■ **Given data**
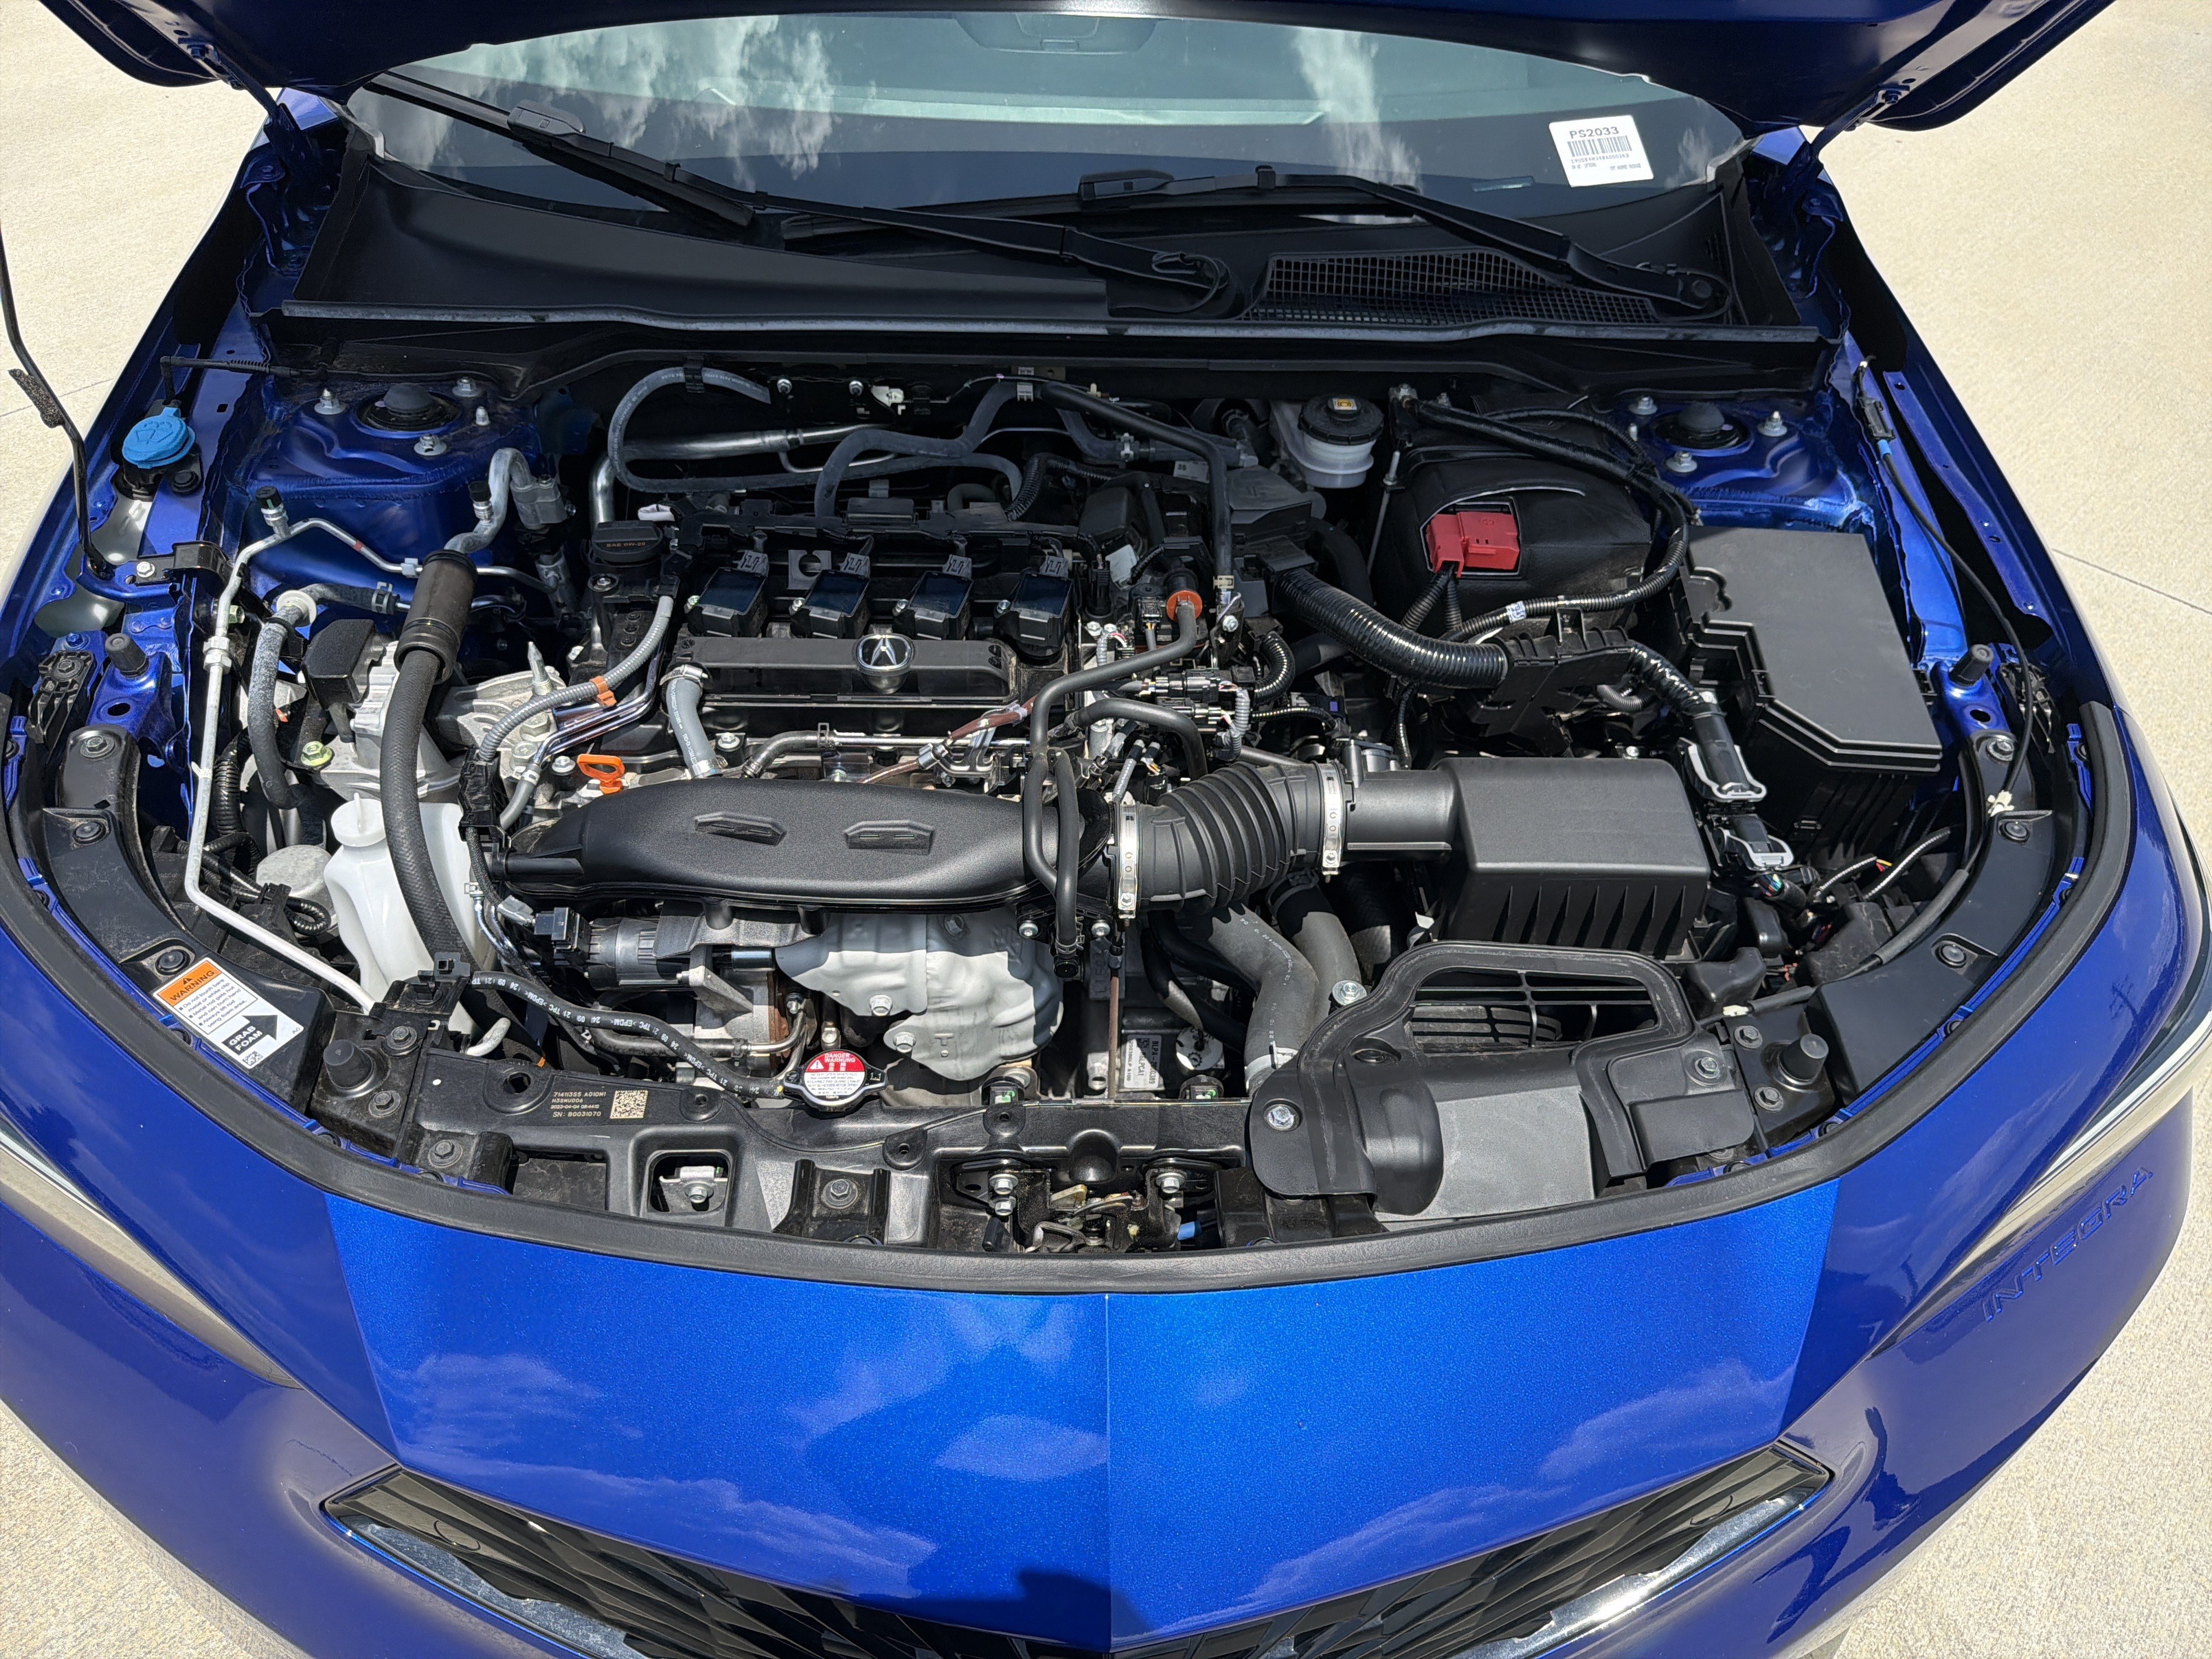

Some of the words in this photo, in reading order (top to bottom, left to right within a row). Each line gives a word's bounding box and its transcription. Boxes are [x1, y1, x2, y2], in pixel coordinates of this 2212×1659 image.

[1569, 126, 1620, 139] PS2033
[170, 969, 215, 1001] WARNING
[199, 986, 213, 996] touch
[509, 982, 519, 991] 24
[228, 989, 241, 997] hand
[524, 990, 548, 1006] >EPDM<
[188, 1002, 201, 1011] metal
[208, 989, 221, 997] white
[193, 1006, 206, 1014] Metal
[549, 1004, 561, 1015] TPC
[203, 1011, 221, 1023] Always
[208, 1017, 222, 1027] using
[222, 1008, 234, 1017] foam
[611, 1018, 636, 1027] >EPDM<
[639, 1021, 651, 1030] TPC
[229, 1025, 256, 1046] GRAB
[235, 1030, 263, 1051] FOAM
[662, 1033, 669, 1041] 09
[670, 1040, 679, 1050] 24
[683, 1052, 705, 1070] >EPDM<
[706, 1068, 718, 1080] TPC
[1982, 1167, 2153, 1322] INTEGRA

■ **Exercise prompt**
Return a verbatim transcription of the data, omitting all images.

■ **Response**
Some of the words in this photo, in reading order (top to bottom, left to right within a row). Each line gives a word's bounding box and its transcription. Boxes are [x1, y1, x2, y2], in pixel coordinates of this 2212×1659 image.

[1569, 126, 1620, 139] PS2033
[170, 969, 215, 1001] WARNING
[199, 986, 213, 996] touch
[509, 982, 519, 991] 24
[228, 989, 241, 997] hand
[524, 990, 548, 1006] >EPDM<
[188, 1002, 201, 1011] metal
[208, 989, 221, 997] white
[193, 1006, 206, 1014] Metal
[549, 1004, 561, 1015] TPC
[203, 1011, 221, 1023] Always
[208, 1017, 222, 1027] using
[222, 1008, 234, 1017] foam
[611, 1018, 636, 1027] >EPDM<
[639, 1021, 651, 1030] TPC
[229, 1025, 256, 1046] GRAB
[235, 1030, 263, 1051] FOAM
[662, 1033, 669, 1041] 09
[670, 1040, 679, 1050] 24
[683, 1052, 705, 1070] >EPDM<
[706, 1068, 718, 1080] TPC
[1982, 1167, 2153, 1322] INTEGRA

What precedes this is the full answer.